→ Your goal
Repeat the records below verbatim, and do not copy their pictures.

→ Data for this exercise

>>>

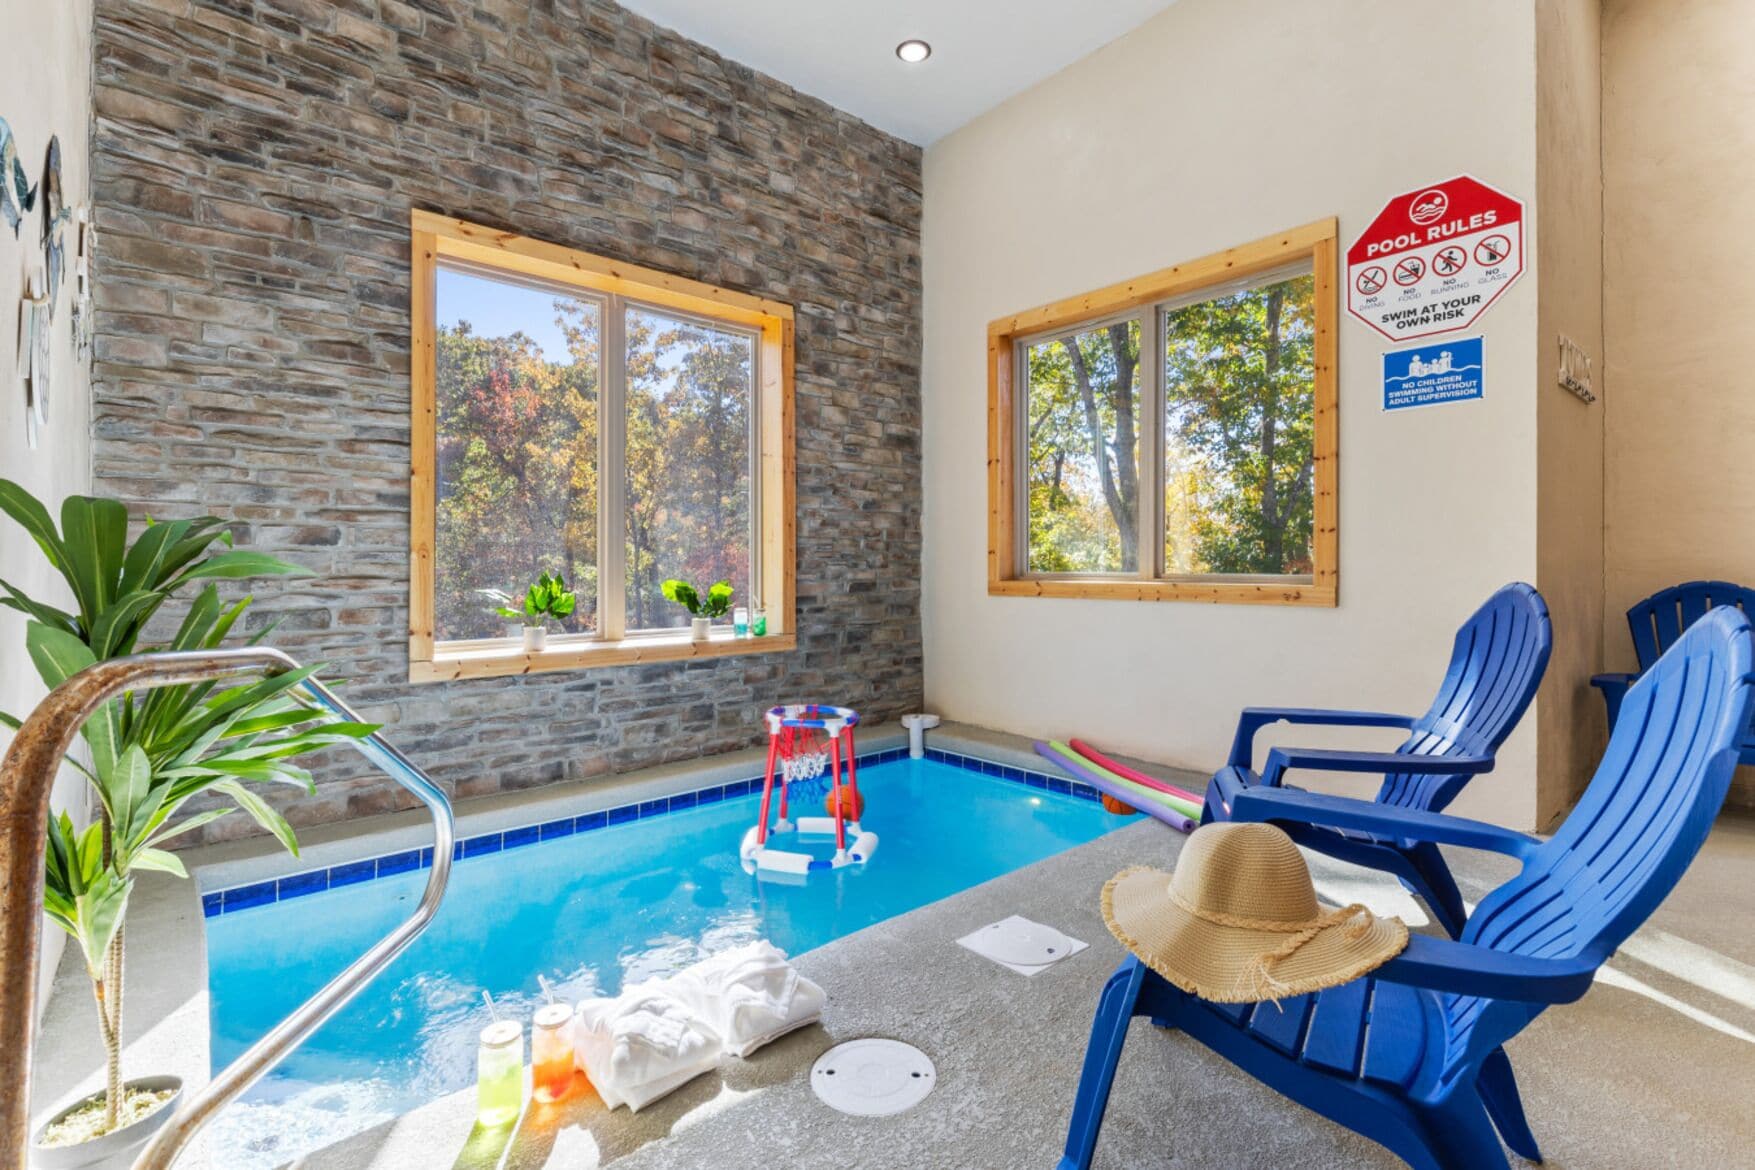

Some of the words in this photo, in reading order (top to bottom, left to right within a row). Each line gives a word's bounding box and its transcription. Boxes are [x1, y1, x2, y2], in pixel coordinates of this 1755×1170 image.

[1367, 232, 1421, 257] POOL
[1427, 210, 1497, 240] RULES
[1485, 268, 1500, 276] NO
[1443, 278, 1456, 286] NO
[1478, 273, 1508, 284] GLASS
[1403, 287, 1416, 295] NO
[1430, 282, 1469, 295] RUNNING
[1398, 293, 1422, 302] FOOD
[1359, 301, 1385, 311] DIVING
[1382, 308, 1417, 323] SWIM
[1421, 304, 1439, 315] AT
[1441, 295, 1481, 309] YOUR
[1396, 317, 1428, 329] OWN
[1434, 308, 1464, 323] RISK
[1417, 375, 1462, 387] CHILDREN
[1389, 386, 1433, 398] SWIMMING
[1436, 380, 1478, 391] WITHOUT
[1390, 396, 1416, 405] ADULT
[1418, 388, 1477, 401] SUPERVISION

<<<

→ Answer space
Some of the words in this photo, in reading order (top to bottom, left to right within a row). Each line gives a word's bounding box and its transcription. Boxes are [x1, y1, x2, y2], in pixel coordinates of this 1755×1170 image.

[1367, 232, 1421, 257] POOL
[1427, 210, 1497, 240] RULES
[1485, 268, 1500, 276] NO
[1443, 278, 1456, 286] NO
[1478, 273, 1508, 284] GLASS
[1403, 287, 1416, 295] NO
[1430, 282, 1469, 295] RUNNING
[1398, 293, 1422, 302] FOOD
[1359, 301, 1385, 311] DIVING
[1382, 308, 1417, 323] SWIM
[1421, 304, 1439, 315] AT
[1441, 295, 1481, 309] YOUR
[1396, 317, 1428, 329] OWN
[1434, 308, 1464, 323] RISK
[1417, 375, 1462, 387] CHILDREN
[1389, 386, 1433, 398] SWIMMING
[1436, 380, 1478, 391] WITHOUT
[1390, 396, 1416, 405] ADULT
[1418, 388, 1477, 401] SUPERVISION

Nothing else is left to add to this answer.